§ **Instructions for the task**
Return the full set of entries below exactly, leaving every image out.

§ **Input records**
▼
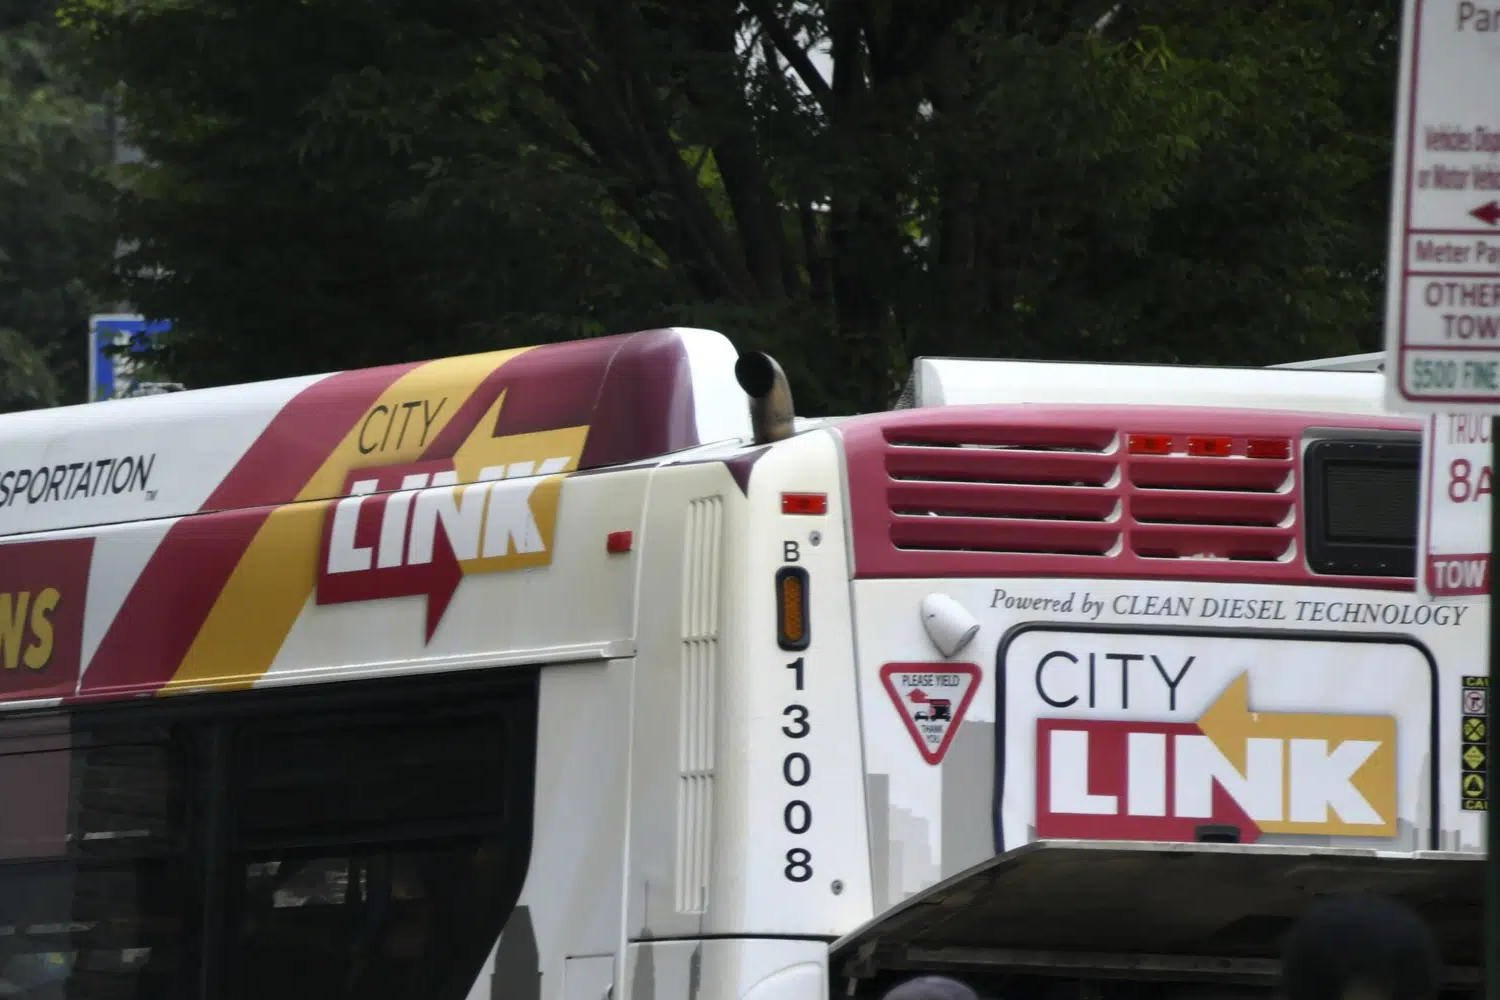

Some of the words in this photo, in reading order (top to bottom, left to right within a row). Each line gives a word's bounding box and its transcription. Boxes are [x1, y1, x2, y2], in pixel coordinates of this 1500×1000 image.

[1416, 239, 1471, 264] Meter
[1476, 240, 1500, 268] Pa
[358, 397, 448, 456] CITY
[327, 456, 572, 575] LINK
[783, 540, 801, 562] B
[1431, 560, 1487, 590] TOW
[990, 588, 1074, 613] Powered
[1081, 597, 1105, 620] by
[1112, 595, 1195, 618] CLEAN
[1200, 599, 1288, 621] DIESEL
[1295, 601, 1470, 626] TECHNOLOGY
[902, 674, 933, 687] PLEASE
[935, 675, 961, 687] YIELD
[1035, 650, 1197, 711] CITY
[1465, 677, 1489, 687] CA
[922, 724, 943, 734] THANK
[926, 735, 940, 744] YOU
[1049, 729, 1387, 826] LINK
[1465, 800, 1489, 810] CA
▲
§ **Result of this exercise**
Some of the words in this photo, in reading order (top to bottom, left to right within a row). Each line gives a word's bounding box and its transcription. Boxes are [x1, y1, x2, y2], in pixel coordinates of this 1500×1000 image.

[1416, 239, 1471, 264] Meter
[1476, 240, 1500, 268] Pa
[358, 397, 448, 456] CITY
[327, 456, 572, 575] LINK
[783, 540, 801, 562] B
[1431, 560, 1487, 590] TOW
[990, 588, 1074, 613] Powered
[1081, 597, 1105, 620] by
[1112, 595, 1195, 618] CLEAN
[1200, 599, 1288, 621] DIESEL
[1295, 601, 1470, 626] TECHNOLOGY
[902, 674, 933, 687] PLEASE
[935, 675, 961, 687] YIELD
[1035, 650, 1197, 711] CITY
[1465, 677, 1489, 687] CA
[922, 724, 943, 734] THANK
[926, 735, 940, 744] YOU
[1049, 729, 1387, 826] LINK
[1465, 800, 1489, 810] CA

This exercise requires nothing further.